A basic Moving Average Crossover strategy that generates
two simple moving averages (SMA), with default windows
of 500 ticks for the short SMA and 2,000 ticks for the
long SMA.

The strategy is "long only" in the sense it will only
open a long position once the short SMA exceeds the long
SMA. It will close the position (by taking a corresponding
sell order) when the long SMA recrosses the short SMA.

The strategy uses a rolling SMA calculation in order to
increase efficiency by eliminating the need to call two
full moving average calculations on each tick.
"""
def __init__(
self, pairs, events,
short_window=500, long_window=2000
):
self.pairs = pairs
self.pairs_dict = self.create_pairs_dict()
self.events = events
self.short_window = short_window
self.long_window = long_window

def create_pairs_dict(self):
attr_dict = {
"ticks": 0,
"invested": False,
"short_sma": None,
"long_sma": None
}
pairs_dict = {}
for p in self.pairs:
pairs_dict[p] = copy.deepcopy(attr_dict)
return pairs_dict

def calc_rolling_sma(self, sma_m_1, window, price):
return ((sma_m_1 * (window - 1)) + price) / window

def calculate_signals(self, event):
if event.type == 'TICK':
pair = event.instrument
price = event.bid
pd = self.pairs_dict[pair]
if pd["ticks"] == 0:
pd["short_sma"] = price
pd["long_sma"] = price
else:
pd["short_sma"] = self.calc_rolling_sma(
pd["short_sma"], self.short_window, price
)
pd["long_sma"] = self.calc_rolling_sma(
pd["long_sma"], self.long_window, price
)
# Only start the strategy when we have created an accurate short window
if pd["ticks"] > self.short_window:
if pd["short_sma"] > pd["long_sma"] and not pd["invested"]:
signal = SignalEvent(pair, "market", "buy", event.time)
self.events.put(signal)
pd["invested"] = True
if pd["short_sma"] < pd["long_sma"] and pd["invested"]:
signal = SignalEvent(pair, "market", "sell", event.time)
self.events.put(signal)
pd["invested"] = False
pd["ticks"] += 1


Essentially we create an attribute dictionary attr_dict that stores the number of elapsed ticks and whether the strategy is "in" the market for that particular pair.

In calculate_signals we wait for a TickEvent to be received and then calculate the rolling Simple Moving Averages for the short and long windows. Once we exceed the short window for a particular pair, the strategy goes long and exits in the same manner as before, although for each pair separately.

I have made use of 2 months of data for both GBP/USD and EUR/USD and the backtest takes quite some time to execute! It takes around 10-15 minutes on my system, including the calculation of drawdown.

However, once the backtest is complete we're able to use backtest/output.py to produce the following performance chart:

Performance chart of the GBP/USD and EUR/USD MovingAverageCrossover for the period April 2015 - May 2015.
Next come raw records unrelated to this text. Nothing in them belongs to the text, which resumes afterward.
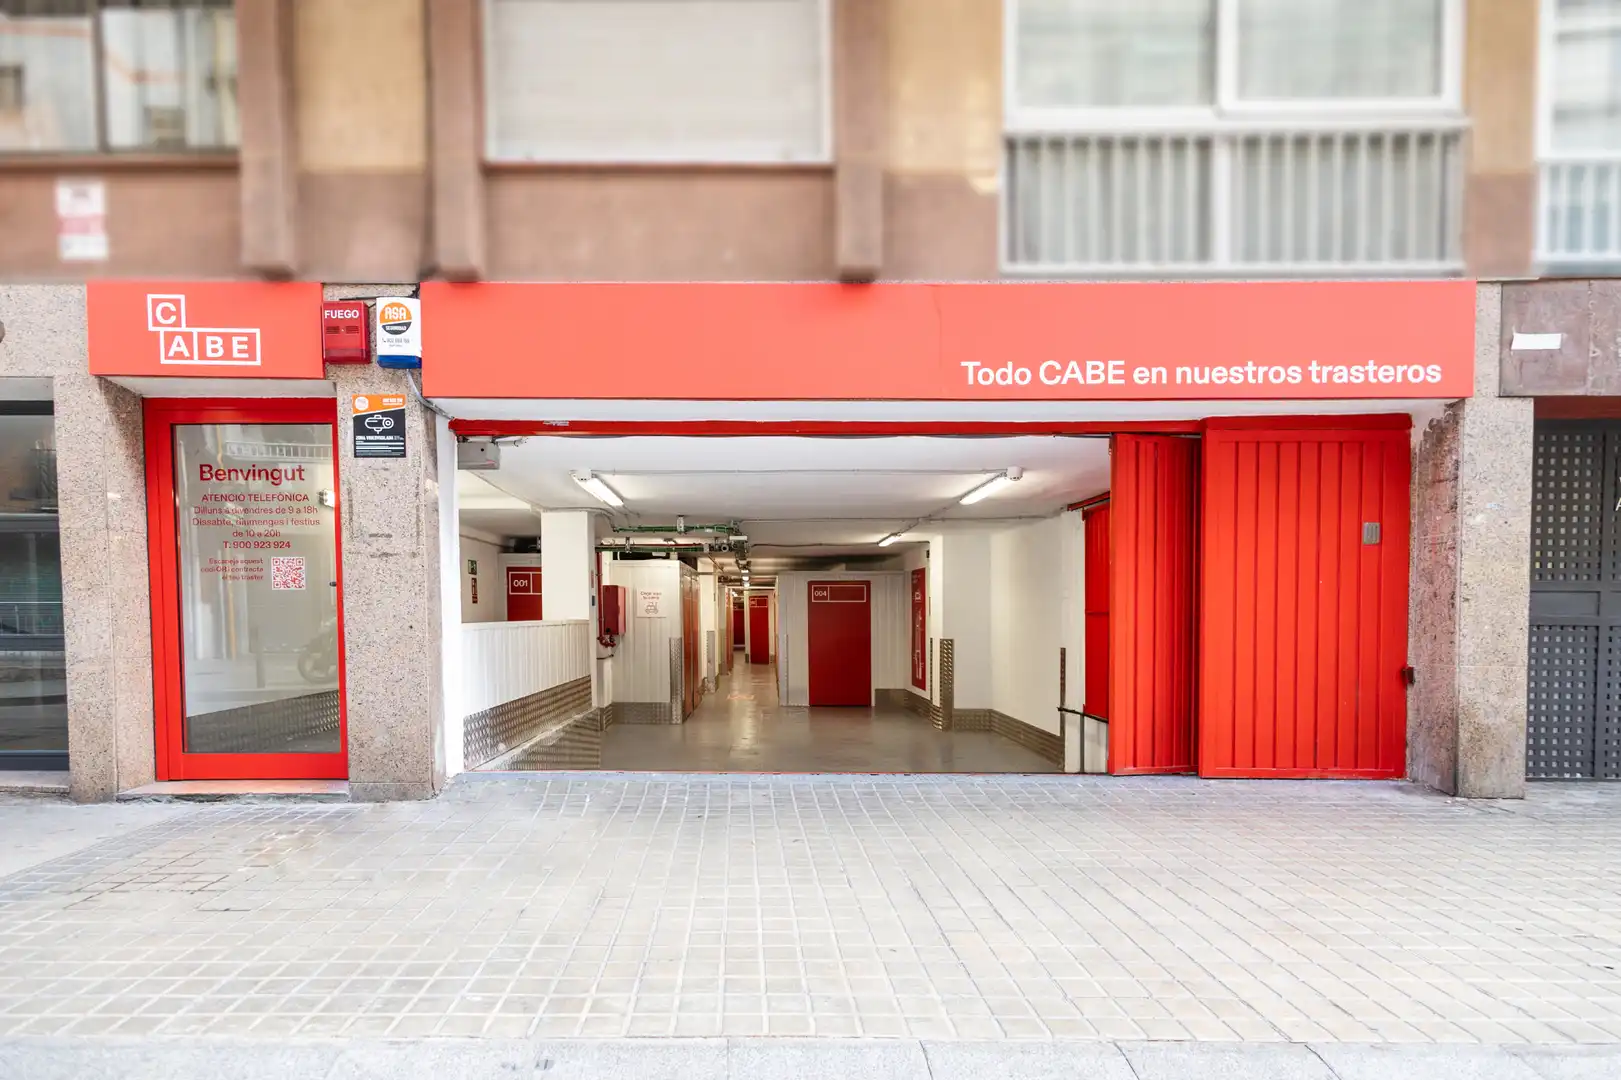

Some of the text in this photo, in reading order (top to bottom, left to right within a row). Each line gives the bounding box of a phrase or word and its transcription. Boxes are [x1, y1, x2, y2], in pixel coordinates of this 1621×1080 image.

[324, 309, 359, 319] FUEGO
[384, 306, 407, 320] ASA
[961, 360, 1442, 386] Todo CABE en nuestros trasteros
[199, 463, 305, 486] Benvingut
[201, 492, 246, 502] ATENCIÓ
[194, 506, 223, 514] Dilluns
[232, 506, 273, 514] divendres
[275, 506, 286, 514] de
[288, 506, 294, 514] 9
[304, 506, 318, 514] 18h
[192, 518, 234, 527] Dissabte,
[236, 518, 284, 527] diumenges
[232, 530, 244, 538] de
[246, 530, 255, 538] 10
[264, 530, 280, 538] 20h
[233, 541, 251, 549] 900
[254, 541, 271, 549] 923
[273, 541, 291, 549] 924
[513, 579, 528, 588] 001
Clearly the performance is not great as the strategy remains almost entirely "underwater" as time goes on. That being said, we shouldn't expect much from such a basic strategy on high-frequency tick data. In the future we are going to be looking at far more sophisticated approaches to trading at this time scale.

Hopefully it will provide a useful starting point for developing more sophisticated strategies. I'm looking forward to seeing what others come up with in the near future!

## Next Steps

At this stage there is a list of issues over on Github that need attention. I'm going to be slowly working through those in the next month.
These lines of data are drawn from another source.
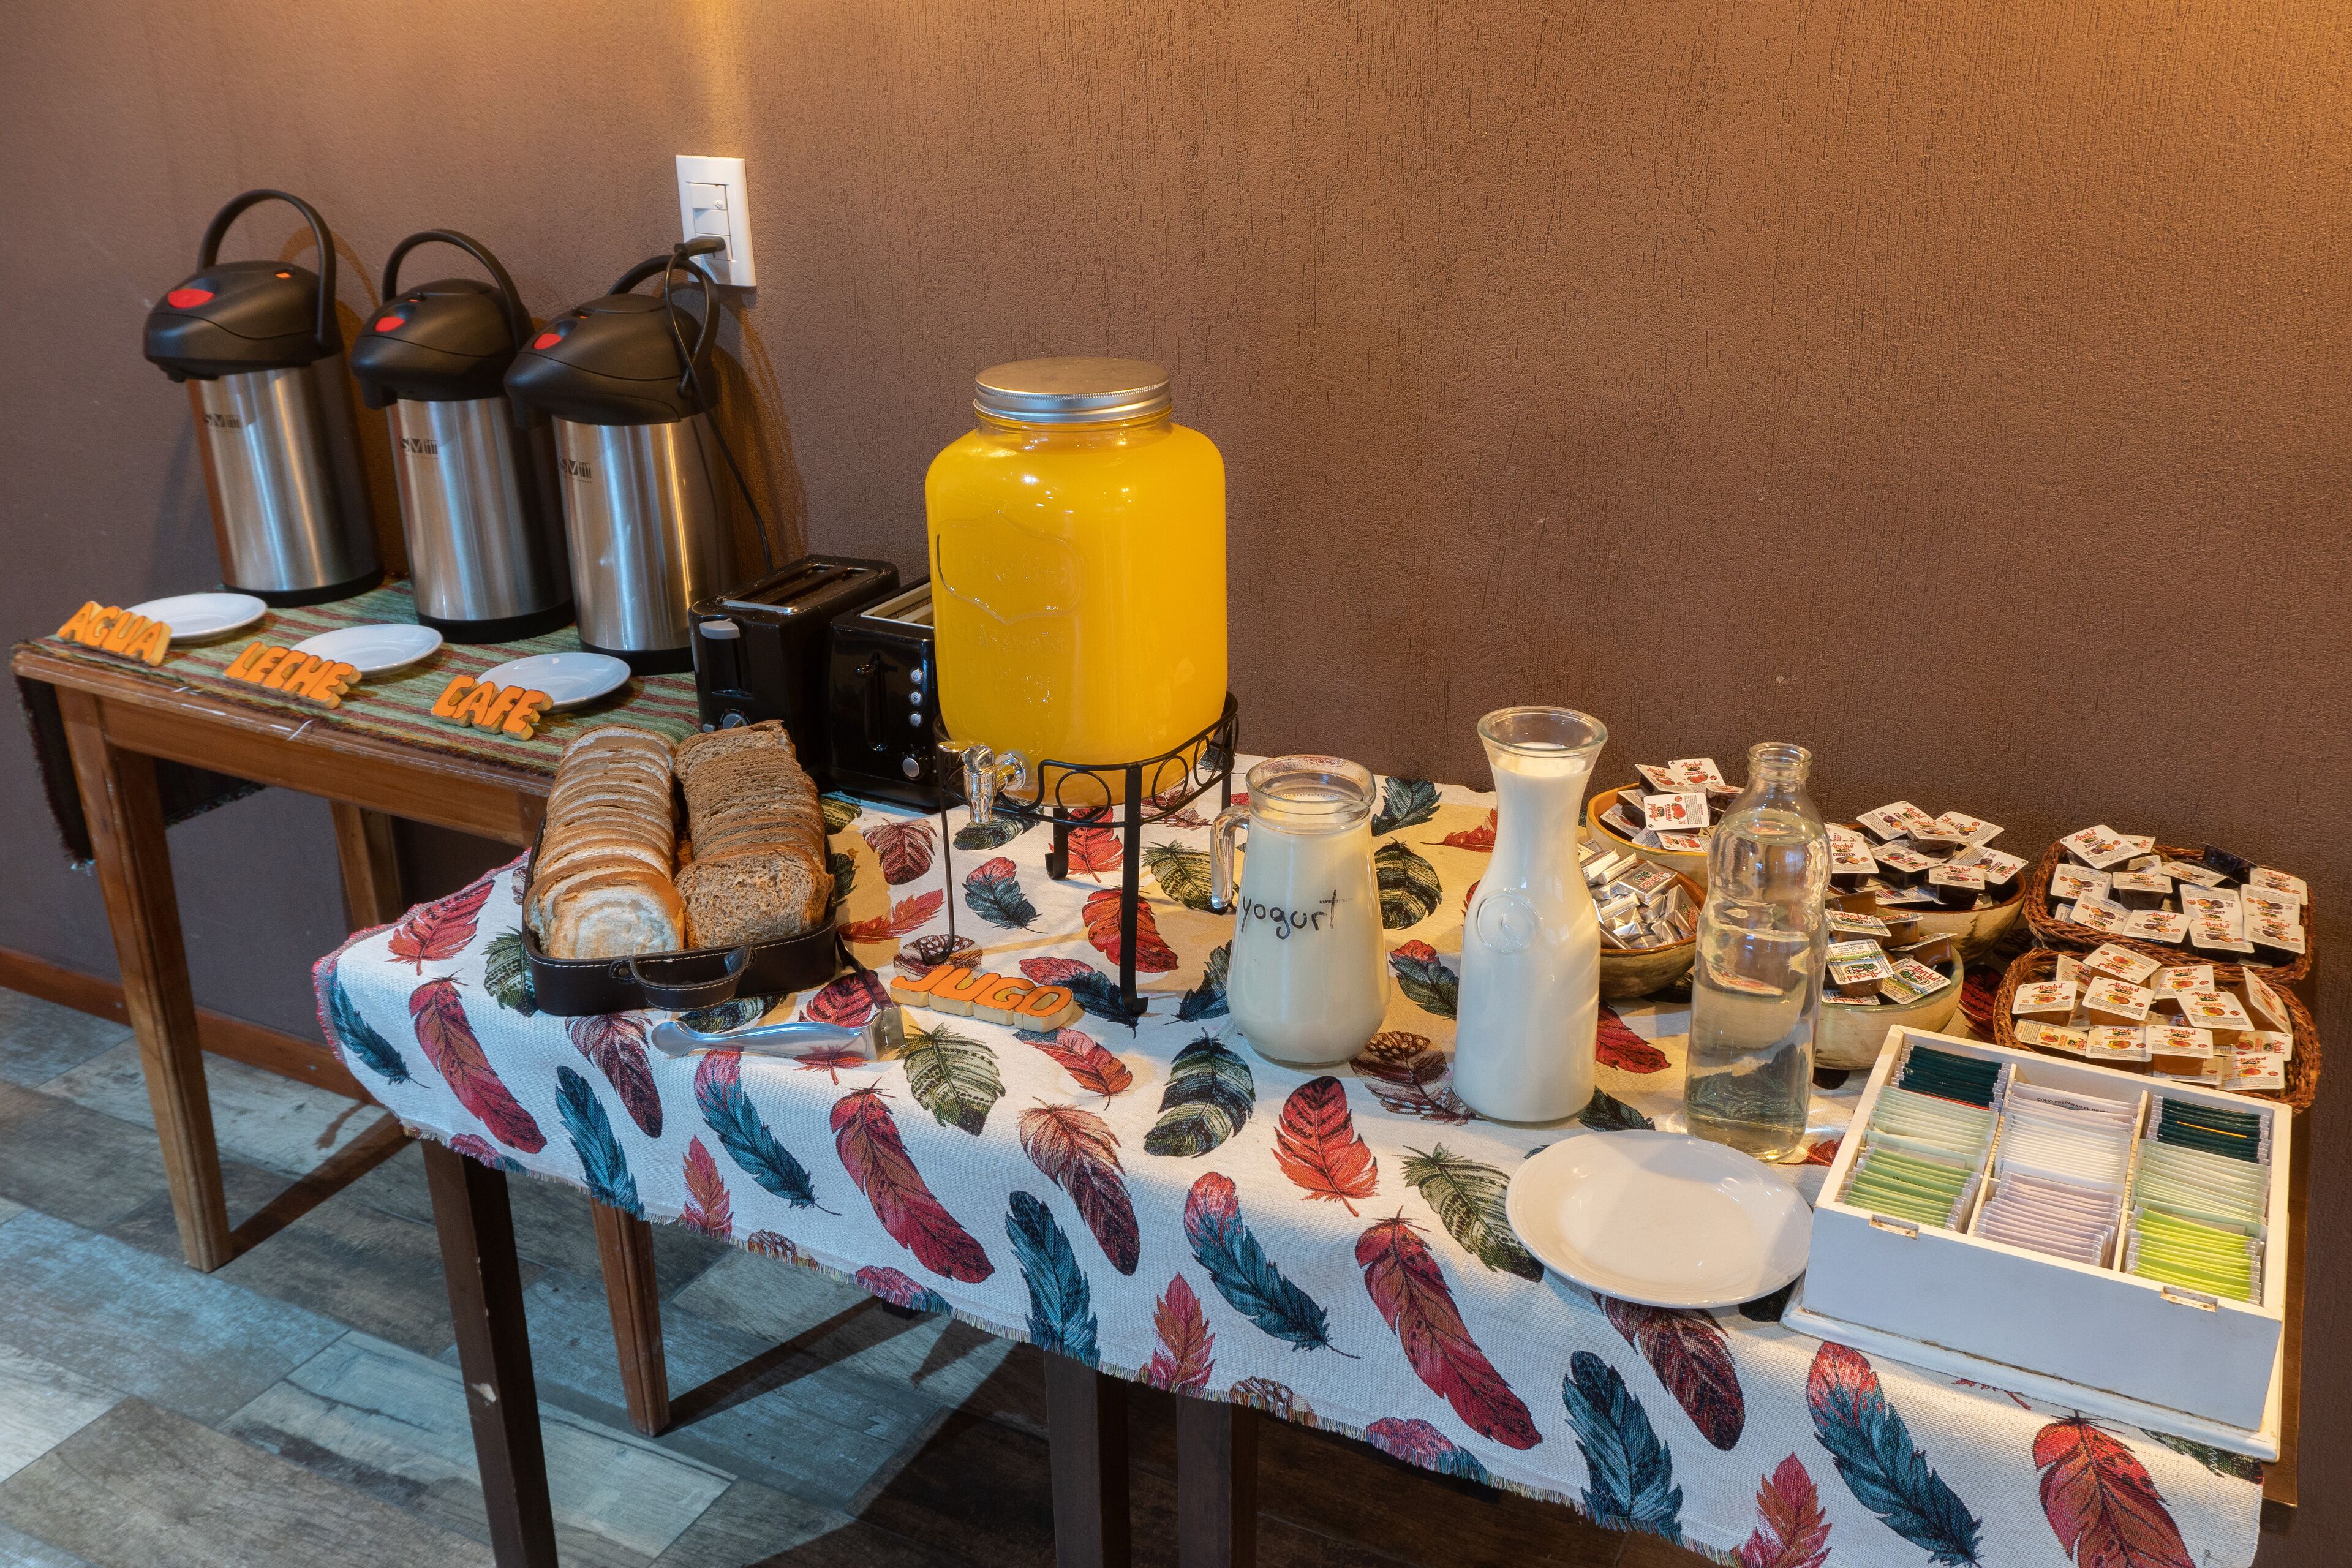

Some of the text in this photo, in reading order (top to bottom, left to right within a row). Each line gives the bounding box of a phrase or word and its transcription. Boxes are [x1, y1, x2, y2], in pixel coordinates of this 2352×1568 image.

[58, 600, 173, 667] AGUA
[224, 641, 361, 710] LECHE
[431, 675, 554, 741] CAFE
[2074, 829, 2098, 843] Abedul
[1639, 872, 1664, 889] Abedul
[1241, 889, 1353, 940] yogurt
[1834, 911, 1868, 920] Abedul
[2146, 911, 2178, 920] Abedul
[1847, 970, 1883, 982] Abedul
[1906, 965, 1942, 982] Abedul
[2071, 964, 2091, 975] Abe
[2095, 962, 2130, 975] Abedul
[2108, 982, 2143, 993] Abedul
[890, 965, 1074, 1033] JUGO
In particular I would like to make the system a lot faster, since it will allow parameter searches to be carried out in a reasonable time. While Python is a great tool, it's one drawback is that it is relatively slow when compared to C/C++. Hence I will be carrying out a lot of profiling to try and improve the execution speed of both the backtest and the performance calculations.

In addition, I've had some comments from people suggesting that they'd like to see more varied order types than the simple Market Order. For carrying out proper HFT strategies against OANDA we are going to need to use Limit Orders. This will probably require a reworking of how the system currently executes trades, but it will allow a much bigger universe of trading strategies to be carried out.